Data Warehouse : Introduction
- A Data Warehouse is a combination of Data and Warehouse in which data represents the raw facts and figures whereas Warehouse represents the storage repository.
- Data Warehouse is a storage repository in which data, information and knowledge from heterogeneous data bases or data sources are combined together only after processing that data to remove errors and inconsistencies.
- Warehouses are different from traditional databases in terms of size, volume and space along with the content. Data warehouses contains all sort of information from multiple data bases or data sources. But in case of databases, they can be termed as symmetric data repository in which data stored in and organized way.
- Due to the size and nature of data-warehouse, they are maintained separately from databases.
- Thus, “A Data-Warehouse is a copy of transaction data, specifically structured for query and analysis” ---- Ralph Kimball.
Data Warehouse : Properties
- As per Bill Inmon “ A Data-Warehouse is a Subject-Oriented, Integrated, Time-Variant and Non-volatile collection of data in support of management’s decision making process.”
- Any data warehouse possesses mentioned properties. These can be explained as:
- Subject Oriented : Any particular subject can be analysed using a data-warehouse. The subject depends on, of which organization the data-warehouse is. For Example : Analysis of financial statistics of last five years from a particular organization’s data warehouse.
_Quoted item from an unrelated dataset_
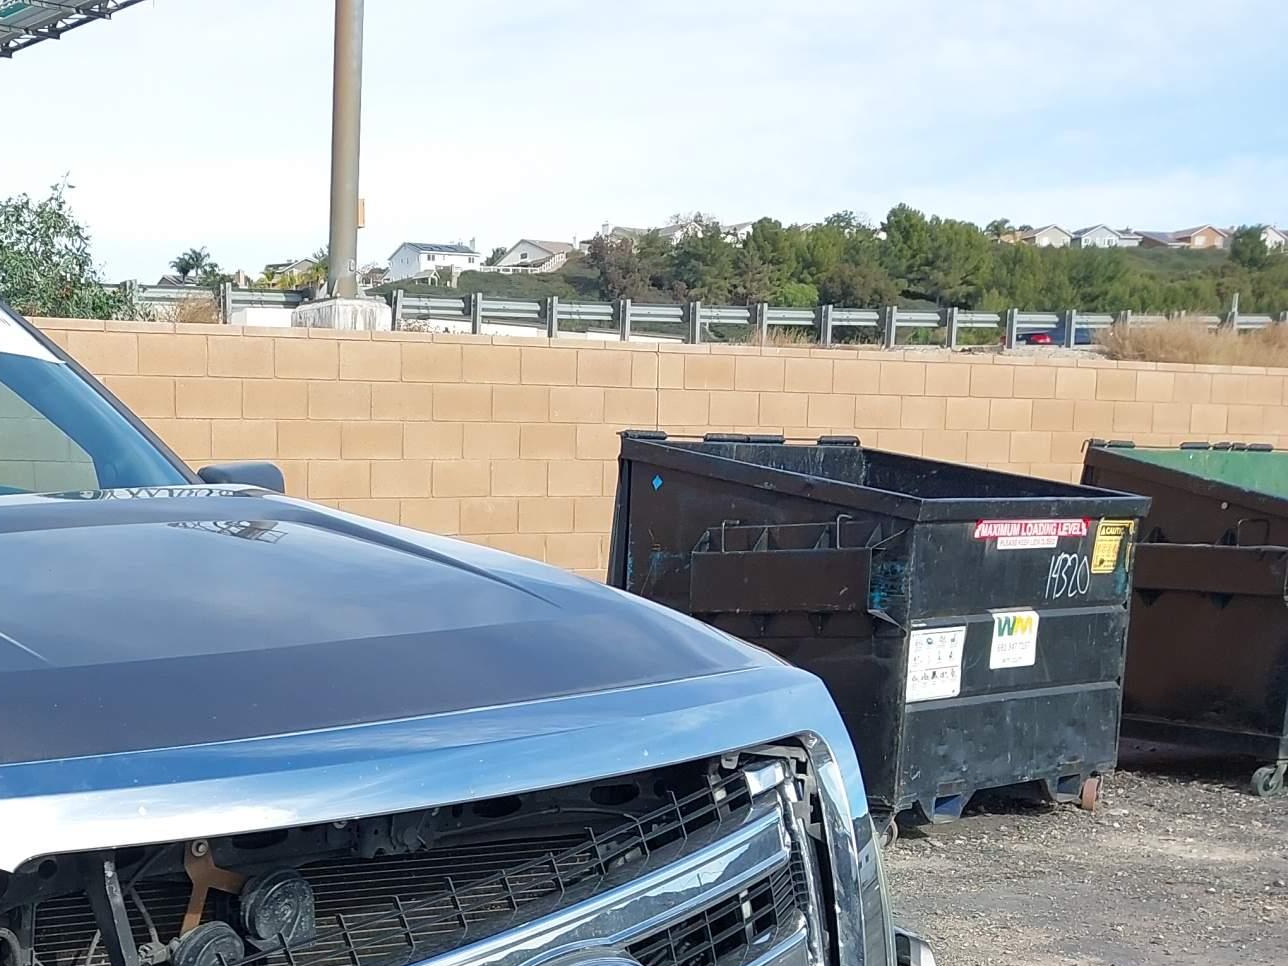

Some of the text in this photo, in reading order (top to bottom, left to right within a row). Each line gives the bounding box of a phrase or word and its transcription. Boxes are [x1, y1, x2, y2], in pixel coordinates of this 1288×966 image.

[980, 522, 1082, 537] MAXIMUM LOADING LEVEL
[1045, 552, 1090, 600] 14320
[997, 615, 1033, 637] WM
- Time Variant : A major advantage of data warehouse over traditional databases is, data warehouses keeps track of historical data. This historical data can be retrieved for a time period of 1 month to over 5 years or more depending upon the need.
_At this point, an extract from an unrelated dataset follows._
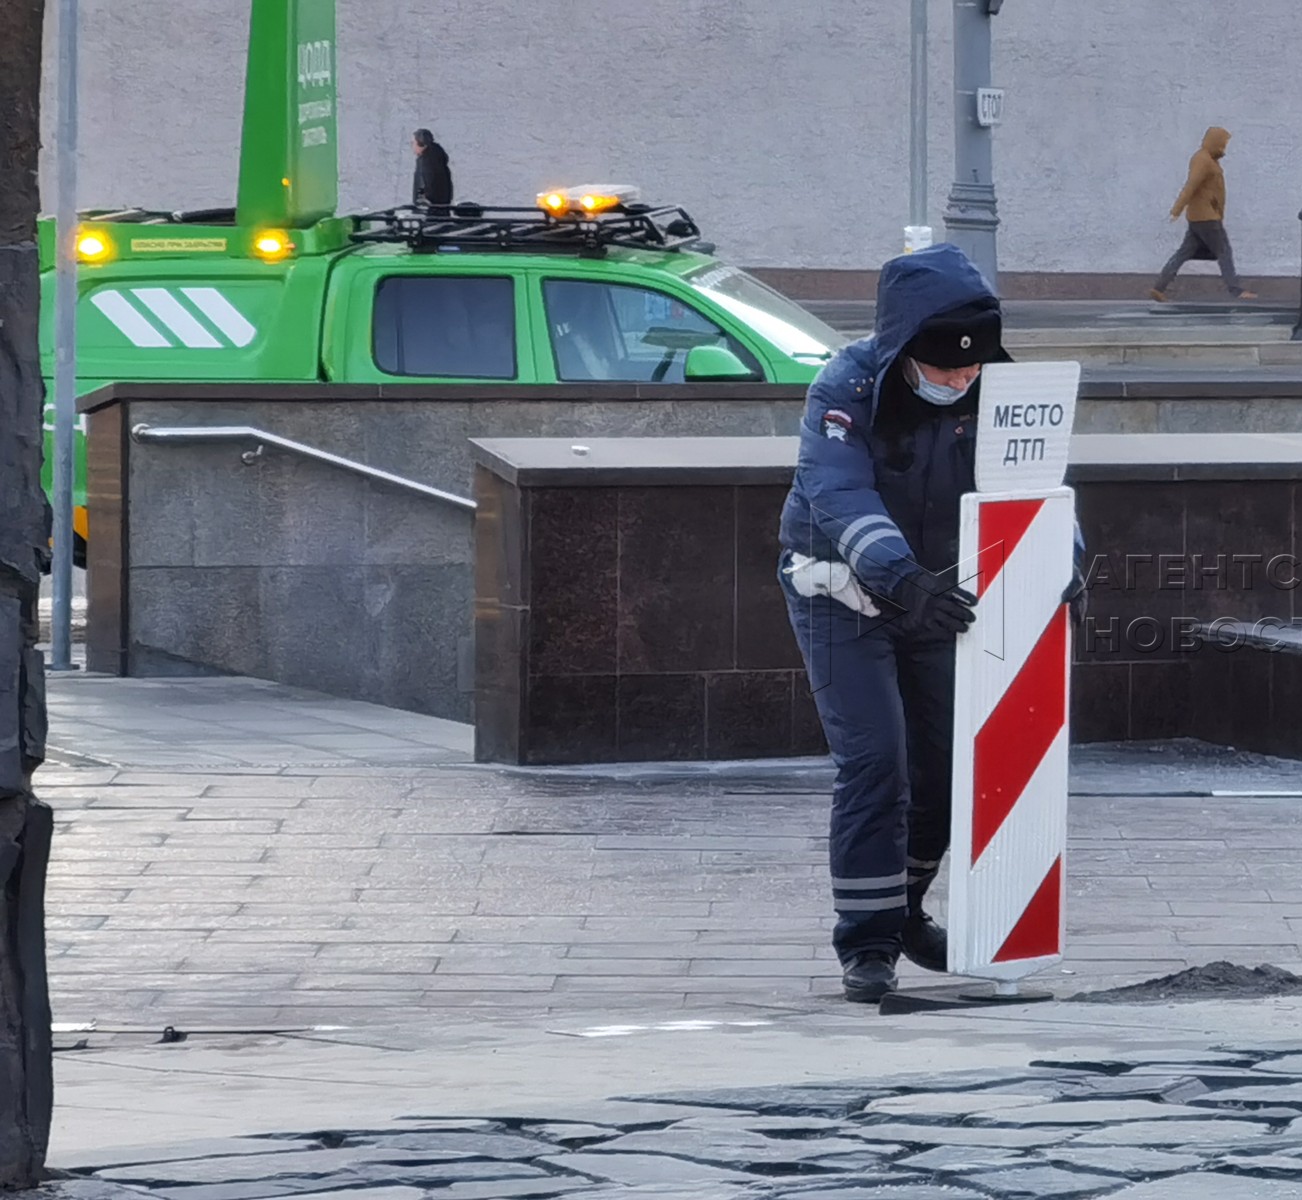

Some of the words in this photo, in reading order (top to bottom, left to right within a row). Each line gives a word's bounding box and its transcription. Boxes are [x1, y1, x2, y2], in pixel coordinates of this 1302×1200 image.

[297, 40, 331, 89] ЦОДД
[993, 403, 1064, 428] МЕСТО
[1003, 438, 1045, 466] ДТП
- Integrated: Data-warehouses are repositories made by integrating data, information and knowledge from heterogeneous databases.
- Non-Volatile: As data warehouse contains the historical data, any alteration or changes are not possible.
Data Warehouse : Need
- Data-Warehouse contains historical data. It means any data can be accessed from the data warehouse whenever required. This data can be very beneficial from an organizational point of view as:
- Reports: Reports can be generated from the historical data for a particular subject or for a group of subjects or even for a department.
- Analytics: Analytics can be made on the basis of reports generated from the historical data.
- Data Mining: Data mining process can be applied to extract abstract data or information from any data-warehouse.
- Metadata Ability: Data-Warehouse being such a large repository, it is difficult to understand this much amount of data without any description. This description is metadata.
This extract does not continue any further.